Re: com.cloud.agent.api.CheckRouterCommand timeout

2018-06-21 Thread Melanie Desaive



Am 21.06.2018 um 17:08 schrieb Daan Hoogland:
> makes sense, well let's hope all breaks soon ;)

I am sure it will break! :D

And then I will get back to you with more questions!

Thanks a lot for taking the time!

> 
> On Thu, Jun 21, 2018 at 2:15 PM, Melanie Desaive <
> m.desa...@heinlein-support.de> wrote:
> 
>> Hi Daan,
>>
>> Am 21.06.2018 um 15:29 schrieb Daan Hoogland:
>>> Melanie, attachments get deleted for this list. Your assumption for the
>>> comm path is right for xen. Did you try and execute the script as it is
>>> called by the proxy script from the host? and capture the return? We had
>> a
>>> bad problem with getting the template version in the past on xen, this
>>> might be similar.
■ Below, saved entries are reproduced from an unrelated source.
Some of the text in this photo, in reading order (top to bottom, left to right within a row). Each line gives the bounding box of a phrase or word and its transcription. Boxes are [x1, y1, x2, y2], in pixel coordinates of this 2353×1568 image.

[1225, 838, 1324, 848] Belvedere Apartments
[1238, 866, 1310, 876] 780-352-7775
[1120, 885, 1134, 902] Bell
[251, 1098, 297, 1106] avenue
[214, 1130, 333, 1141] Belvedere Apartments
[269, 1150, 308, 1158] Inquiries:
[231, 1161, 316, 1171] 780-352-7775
That was due to processing of the returned string in
>> the
>>> script.
>>
>> I called both stages of the script manually but at at time, when all was
>> working as expected and the routers where back to MASTER and BACKUP.
>>
>> Looked like:
>>
>> [root@acs-compute-5 ~]# /opt/cloud/bin/router_proxy.sh checkrouter.sh
>> 169.254.1.178
>> Status: BACKUP
>>
>> root@r-2595-VM:~# /opt/cloud/bin/checkrouter.sh
>> Status: BACKUP
>>
>>
>>>
>>> On Thu, Jun 21, 2018 at 1:16 PM, Melanie Desaive <
>>> m.desa...@heinlein-support.de> wrote:
>>>
 Hi Daan,

 thanks for your reply.

 The latest occurance of our VRs going to UNKNOWN did resolve 24 hours
 after it had occured. Nevertheless I would appreciate some insight into
 how the checkRouter command is handled, as I expect the problem to come
 back again.
 Am 21.06.2018 um 10:39 schrieb Daan Hoogland:
> Melanie, this depends a bit on the type of hypervisor. The command
 executes
> the checkrouter.sh script on the virtual router if it reaches it, but
>> it
> seems your problem is before that. I would look at the network first
>> and
> follow the path that the execution takes for your hypervisortype.
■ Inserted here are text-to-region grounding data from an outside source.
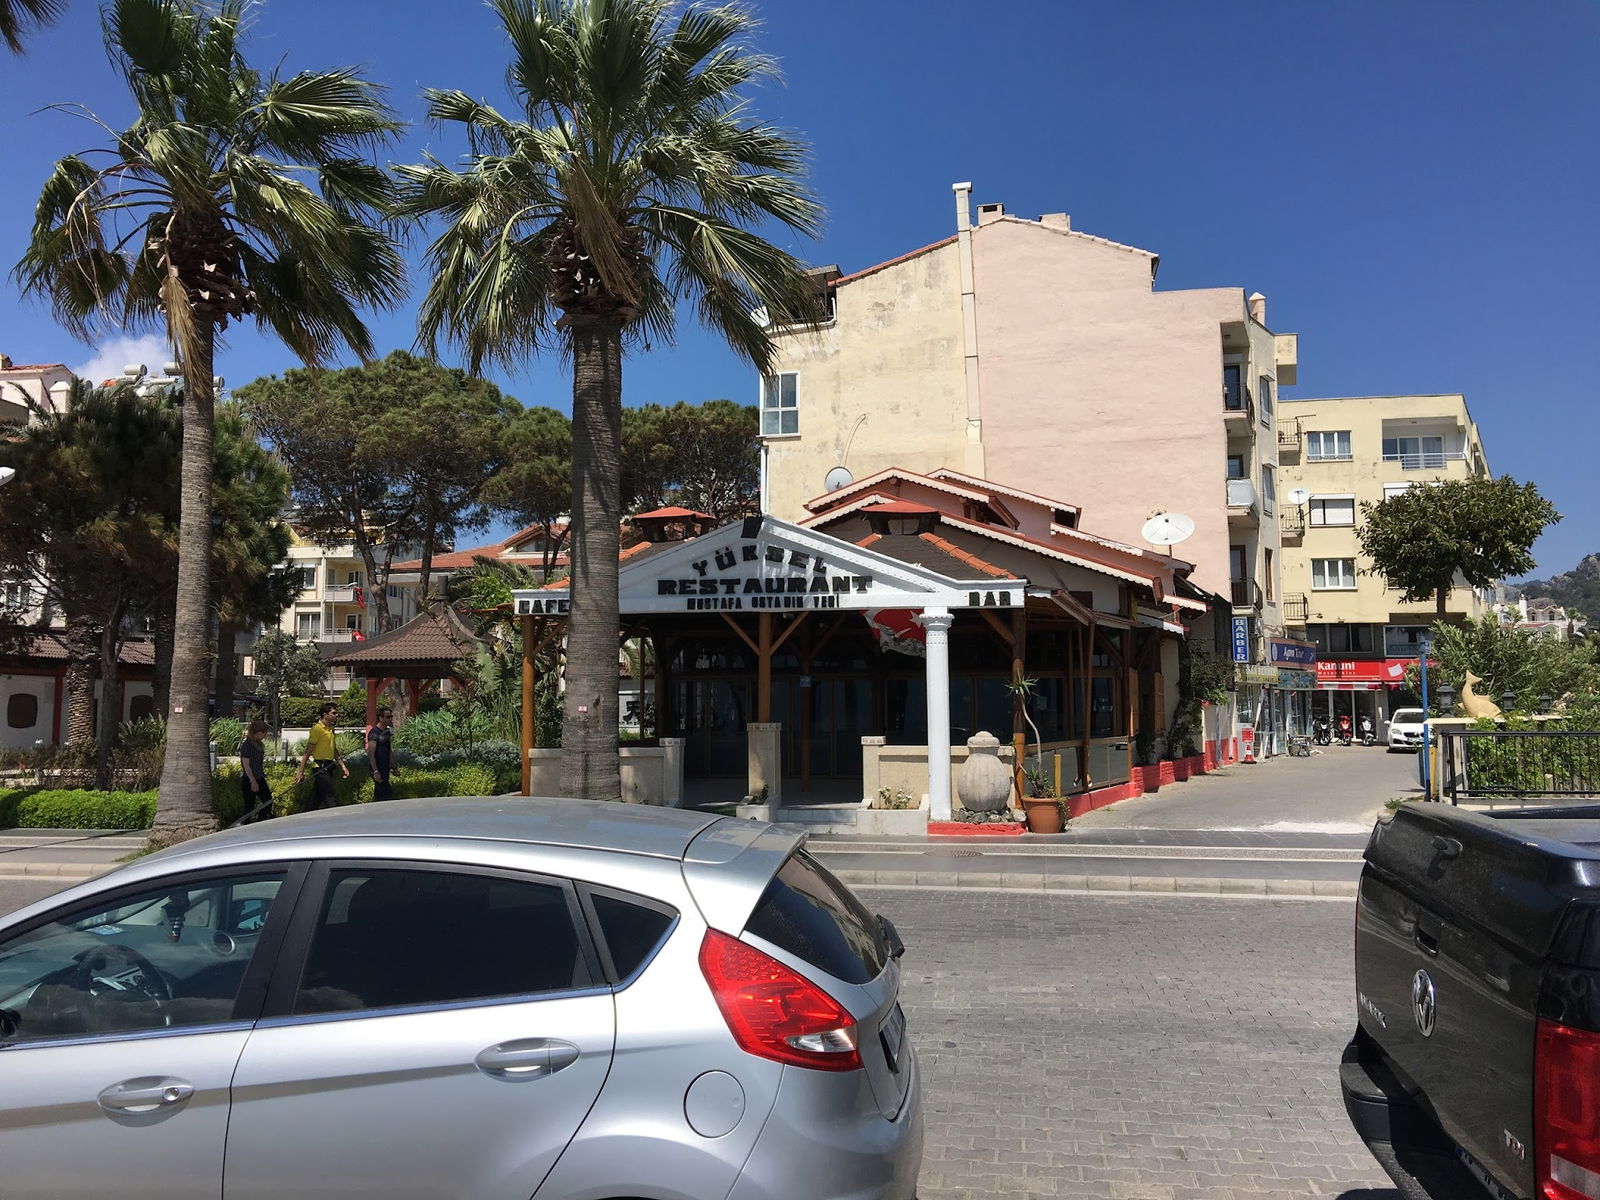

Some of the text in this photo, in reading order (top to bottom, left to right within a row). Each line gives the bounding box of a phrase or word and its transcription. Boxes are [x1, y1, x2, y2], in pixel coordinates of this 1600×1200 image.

[692, 546, 827, 576] YÜKSEL
[657, 576, 873, 595] RESTAURANT
[518, 599, 571, 613] CAFE
[687, 598, 742, 610] MUSTAFA
[969, 591, 1011, 607] BAR
[1235, 619, 1246, 660] BARBER
[1317, 661, 1355, 670] Kanuni
 With Stephans help I figured out the following guess for the path of
 connections for the checkrouter command. Could someone please correct
 me, if my guess is not correct. ;)

  x Management Nodes connects to XenServer hypervisor host via management
 network on port 22 by SSH
  x On hypervisor host the wrapper script
 "/opt/cloud/bin/router_proxy.sh" is used to call scripts on system VMs
 via link-local IP and port 3922
  x On the VR the script "/opt/cloud/bin/checkrouter.sh" does the actual
 check.

 In our case the API call times out with log messages
  x Operation timed out: Commands 1063975411966525473 to Host 29 timed
 out after 60
  x Unable to update router r-2595-VM's status
  x Redundant virtual router (name: r-2595-VM, id: 2595)  just switch
 from BACKUP to UNKNOWN

 To me it seems that this is a timeout that occurs when ACS management is
 waitig for the API call to return. At what stage (management host <->
 virtualization host) or (virutalization host <-> VR> the answer is
 delayed is unclear to me. (SSH Login from virtualization host to VR via
 link-local is working all the time)

 And it is unclear to me, why both VRs of the respective network stay in
 UNKNOWN for 24 hours, are accessible via link-local but come back
 immedately after a reboot.

 I am happy for any suggestions or explanations in this topic and will
 investigate further as soon, as the problem comes back again.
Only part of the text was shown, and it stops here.